╭─ Supplied records
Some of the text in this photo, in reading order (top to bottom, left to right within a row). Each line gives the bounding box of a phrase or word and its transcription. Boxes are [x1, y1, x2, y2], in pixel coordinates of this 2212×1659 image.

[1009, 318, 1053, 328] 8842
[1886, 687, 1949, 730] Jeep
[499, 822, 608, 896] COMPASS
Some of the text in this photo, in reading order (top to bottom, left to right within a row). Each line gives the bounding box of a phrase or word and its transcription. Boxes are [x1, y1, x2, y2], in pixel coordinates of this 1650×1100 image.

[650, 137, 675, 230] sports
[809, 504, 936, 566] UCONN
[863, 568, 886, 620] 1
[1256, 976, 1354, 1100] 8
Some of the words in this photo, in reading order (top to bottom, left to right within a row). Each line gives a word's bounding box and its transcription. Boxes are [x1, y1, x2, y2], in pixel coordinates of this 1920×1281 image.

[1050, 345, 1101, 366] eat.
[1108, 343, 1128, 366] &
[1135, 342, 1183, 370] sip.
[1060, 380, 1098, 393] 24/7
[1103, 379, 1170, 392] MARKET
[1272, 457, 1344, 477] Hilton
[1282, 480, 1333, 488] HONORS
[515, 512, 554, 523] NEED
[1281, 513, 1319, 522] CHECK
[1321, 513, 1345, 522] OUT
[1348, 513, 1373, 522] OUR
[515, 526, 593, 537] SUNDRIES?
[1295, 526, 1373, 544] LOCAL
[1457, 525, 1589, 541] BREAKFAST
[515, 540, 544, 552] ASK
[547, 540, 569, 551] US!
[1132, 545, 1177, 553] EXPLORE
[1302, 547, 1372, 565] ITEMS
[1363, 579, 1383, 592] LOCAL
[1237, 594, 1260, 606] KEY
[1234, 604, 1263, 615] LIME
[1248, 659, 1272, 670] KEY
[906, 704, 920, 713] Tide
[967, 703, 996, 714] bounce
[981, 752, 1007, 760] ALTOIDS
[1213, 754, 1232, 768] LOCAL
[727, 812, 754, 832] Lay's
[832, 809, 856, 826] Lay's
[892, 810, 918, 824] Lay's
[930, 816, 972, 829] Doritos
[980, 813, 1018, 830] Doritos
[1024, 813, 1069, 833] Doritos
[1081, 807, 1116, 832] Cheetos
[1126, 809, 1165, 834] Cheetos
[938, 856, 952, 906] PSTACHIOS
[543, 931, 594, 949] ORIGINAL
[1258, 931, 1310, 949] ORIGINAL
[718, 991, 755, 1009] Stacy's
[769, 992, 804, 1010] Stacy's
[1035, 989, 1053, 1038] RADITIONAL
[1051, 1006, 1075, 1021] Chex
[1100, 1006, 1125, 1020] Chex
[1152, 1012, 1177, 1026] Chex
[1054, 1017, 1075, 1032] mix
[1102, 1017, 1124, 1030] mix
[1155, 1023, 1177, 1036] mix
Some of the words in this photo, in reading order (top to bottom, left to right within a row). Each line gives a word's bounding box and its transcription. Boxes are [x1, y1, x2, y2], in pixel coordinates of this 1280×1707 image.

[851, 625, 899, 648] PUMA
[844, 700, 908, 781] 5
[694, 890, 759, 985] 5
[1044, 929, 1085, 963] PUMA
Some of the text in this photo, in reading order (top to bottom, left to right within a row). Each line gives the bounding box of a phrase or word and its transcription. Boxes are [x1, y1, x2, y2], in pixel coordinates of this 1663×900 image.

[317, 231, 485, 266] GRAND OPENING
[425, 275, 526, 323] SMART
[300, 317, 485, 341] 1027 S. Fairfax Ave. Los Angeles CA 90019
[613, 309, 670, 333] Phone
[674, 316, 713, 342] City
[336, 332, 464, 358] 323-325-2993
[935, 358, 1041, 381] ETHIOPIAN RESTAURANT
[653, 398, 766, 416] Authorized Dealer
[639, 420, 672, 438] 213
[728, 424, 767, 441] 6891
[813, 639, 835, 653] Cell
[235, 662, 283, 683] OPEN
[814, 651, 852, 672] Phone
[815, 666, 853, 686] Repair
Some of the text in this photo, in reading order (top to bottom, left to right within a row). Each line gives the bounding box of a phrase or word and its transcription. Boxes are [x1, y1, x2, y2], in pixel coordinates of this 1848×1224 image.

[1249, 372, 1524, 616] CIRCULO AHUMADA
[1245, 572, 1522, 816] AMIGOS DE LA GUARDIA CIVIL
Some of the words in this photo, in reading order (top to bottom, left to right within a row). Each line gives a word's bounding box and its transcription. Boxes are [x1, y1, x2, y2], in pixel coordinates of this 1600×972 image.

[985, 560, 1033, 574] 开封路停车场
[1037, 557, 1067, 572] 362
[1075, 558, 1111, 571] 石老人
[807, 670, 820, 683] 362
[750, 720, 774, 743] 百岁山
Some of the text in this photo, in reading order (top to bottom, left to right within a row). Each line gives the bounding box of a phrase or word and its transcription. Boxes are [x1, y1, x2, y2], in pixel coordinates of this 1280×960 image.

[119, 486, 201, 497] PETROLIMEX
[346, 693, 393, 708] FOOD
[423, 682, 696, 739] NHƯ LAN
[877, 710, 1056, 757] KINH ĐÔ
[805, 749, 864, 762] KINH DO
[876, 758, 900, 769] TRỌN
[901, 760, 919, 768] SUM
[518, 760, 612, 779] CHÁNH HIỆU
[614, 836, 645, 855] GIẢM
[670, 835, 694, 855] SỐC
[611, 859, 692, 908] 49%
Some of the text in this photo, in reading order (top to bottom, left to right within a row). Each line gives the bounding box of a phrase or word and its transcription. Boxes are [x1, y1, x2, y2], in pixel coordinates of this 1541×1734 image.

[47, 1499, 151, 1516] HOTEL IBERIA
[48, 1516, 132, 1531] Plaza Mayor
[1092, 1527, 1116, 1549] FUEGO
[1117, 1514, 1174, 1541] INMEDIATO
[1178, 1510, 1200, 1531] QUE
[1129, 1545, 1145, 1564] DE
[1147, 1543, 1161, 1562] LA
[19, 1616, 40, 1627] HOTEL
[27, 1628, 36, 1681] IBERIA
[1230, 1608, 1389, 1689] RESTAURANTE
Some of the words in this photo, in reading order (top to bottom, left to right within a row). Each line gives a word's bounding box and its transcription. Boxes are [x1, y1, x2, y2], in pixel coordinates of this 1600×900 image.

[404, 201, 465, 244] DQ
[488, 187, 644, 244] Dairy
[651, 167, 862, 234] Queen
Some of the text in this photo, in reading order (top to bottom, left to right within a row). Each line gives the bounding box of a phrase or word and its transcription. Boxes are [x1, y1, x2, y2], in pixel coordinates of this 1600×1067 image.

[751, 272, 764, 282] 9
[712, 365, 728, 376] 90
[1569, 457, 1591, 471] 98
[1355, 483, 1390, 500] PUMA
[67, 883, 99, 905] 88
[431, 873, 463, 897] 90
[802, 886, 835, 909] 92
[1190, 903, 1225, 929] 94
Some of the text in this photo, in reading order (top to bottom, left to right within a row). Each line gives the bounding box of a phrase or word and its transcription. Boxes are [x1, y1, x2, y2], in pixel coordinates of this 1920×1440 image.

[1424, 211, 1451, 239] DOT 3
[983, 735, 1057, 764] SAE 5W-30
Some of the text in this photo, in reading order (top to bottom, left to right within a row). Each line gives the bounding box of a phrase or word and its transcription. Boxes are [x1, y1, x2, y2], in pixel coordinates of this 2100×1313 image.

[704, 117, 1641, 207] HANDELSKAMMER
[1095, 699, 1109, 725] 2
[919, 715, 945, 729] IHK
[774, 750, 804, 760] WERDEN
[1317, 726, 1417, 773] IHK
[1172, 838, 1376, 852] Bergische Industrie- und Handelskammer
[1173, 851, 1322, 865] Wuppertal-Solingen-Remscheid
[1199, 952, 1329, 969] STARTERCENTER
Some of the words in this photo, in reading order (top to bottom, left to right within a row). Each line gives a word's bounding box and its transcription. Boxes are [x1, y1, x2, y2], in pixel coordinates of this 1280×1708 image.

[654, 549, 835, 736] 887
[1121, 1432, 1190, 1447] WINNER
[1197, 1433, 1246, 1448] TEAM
╰─
**Work order**
Print the line containing "this 1280×1708 image.", then every line after it through the last line of the records, each exactly as written; nothing else belongs in the answer.

**Reply to the task**
Some of the words in this photo, in reading order (top to bottom, left to right within a row). Each line gives a word's bounding box and its transcription. Boxes are [x1, y1, x2, y2], in pixel coordinates of this 1280×1708 image.

[654, 549, 835, 736] 887
[1121, 1432, 1190, 1447] WINNER
[1197, 1433, 1246, 1448] TEAM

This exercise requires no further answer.